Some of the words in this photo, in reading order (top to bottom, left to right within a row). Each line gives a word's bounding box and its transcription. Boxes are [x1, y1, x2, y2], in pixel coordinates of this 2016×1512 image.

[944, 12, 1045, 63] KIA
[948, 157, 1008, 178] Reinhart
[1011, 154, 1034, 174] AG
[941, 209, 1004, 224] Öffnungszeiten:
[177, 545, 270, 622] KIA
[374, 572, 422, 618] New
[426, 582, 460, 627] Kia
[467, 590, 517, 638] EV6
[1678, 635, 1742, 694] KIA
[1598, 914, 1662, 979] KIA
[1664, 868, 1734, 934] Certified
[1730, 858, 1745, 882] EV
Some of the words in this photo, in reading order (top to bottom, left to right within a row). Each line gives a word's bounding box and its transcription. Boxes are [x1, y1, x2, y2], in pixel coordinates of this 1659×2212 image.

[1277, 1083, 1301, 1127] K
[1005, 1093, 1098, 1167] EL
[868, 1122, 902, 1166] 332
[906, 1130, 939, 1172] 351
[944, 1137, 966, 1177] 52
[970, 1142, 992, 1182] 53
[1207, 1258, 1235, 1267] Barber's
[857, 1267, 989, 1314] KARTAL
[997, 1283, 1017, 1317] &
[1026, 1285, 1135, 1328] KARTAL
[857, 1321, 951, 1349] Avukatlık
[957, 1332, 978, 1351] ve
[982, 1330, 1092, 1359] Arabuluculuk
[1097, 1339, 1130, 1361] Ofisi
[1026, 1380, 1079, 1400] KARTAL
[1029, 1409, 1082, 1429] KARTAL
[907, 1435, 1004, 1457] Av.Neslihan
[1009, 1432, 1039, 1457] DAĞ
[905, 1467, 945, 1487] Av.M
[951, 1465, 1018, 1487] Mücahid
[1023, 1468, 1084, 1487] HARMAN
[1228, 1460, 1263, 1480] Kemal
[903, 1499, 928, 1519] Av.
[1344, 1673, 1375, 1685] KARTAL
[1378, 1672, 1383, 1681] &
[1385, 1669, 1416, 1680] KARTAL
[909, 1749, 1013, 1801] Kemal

============

Assignment: Please copy all of the data above exactly.

Result:
Some of the words in this photo, in reading order (top to bottom, left to right within a row). Each line gives a word's bounding box and its transcription. Boxes are [x1, y1, x2, y2], in pixel coordinates of this 2016×1512 image.

[944, 12, 1045, 63] KIA
[948, 157, 1008, 178] Reinhart
[1011, 154, 1034, 174] AG
[941, 209, 1004, 224] Öffnungszeiten:
[177, 545, 270, 622] KIA
[374, 572, 422, 618] New
[426, 582, 460, 627] Kia
[467, 590, 517, 638] EV6
[1678, 635, 1742, 694] KIA
[1598, 914, 1662, 979] KIA
[1664, 868, 1734, 934] Certified
[1730, 858, 1745, 882] EV
Some of the words in this photo, in reading order (top to bottom, left to right within a row). Each line gives a word's bounding box and its transcription. Boxes are [x1, y1, x2, y2], in pixel coordinates of this 1659×2212 image.

[1277, 1083, 1301, 1127] K
[1005, 1093, 1098, 1167] EL
[868, 1122, 902, 1166] 332
[906, 1130, 939, 1172] 351
[944, 1137, 966, 1177] 52
[970, 1142, 992, 1182] 53
[1207, 1258, 1235, 1267] Barber's
[857, 1267, 989, 1314] KARTAL
[997, 1283, 1017, 1317] &
[1026, 1285, 1135, 1328] KARTAL
[857, 1321, 951, 1349] Avukatlık
[957, 1332, 978, 1351] ve
[982, 1330, 1092, 1359] Arabuluculuk
[1097, 1339, 1130, 1361] Ofisi
[1026, 1380, 1079, 1400] KARTAL
[1029, 1409, 1082, 1429] KARTAL
[907, 1435, 1004, 1457] Av.Neslihan
[1009, 1432, 1039, 1457] DAĞ
[905, 1467, 945, 1487] Av.M
[951, 1465, 1018, 1487] Mücahid
[1023, 1468, 1084, 1487] HARMAN
[1228, 1460, 1263, 1480] Kemal
[903, 1499, 928, 1519] Av.
[1344, 1673, 1375, 1685] KARTAL
[1378, 1672, 1383, 1681] &
[1385, 1669, 1416, 1680] KARTAL
[909, 1749, 1013, 1801] Kemal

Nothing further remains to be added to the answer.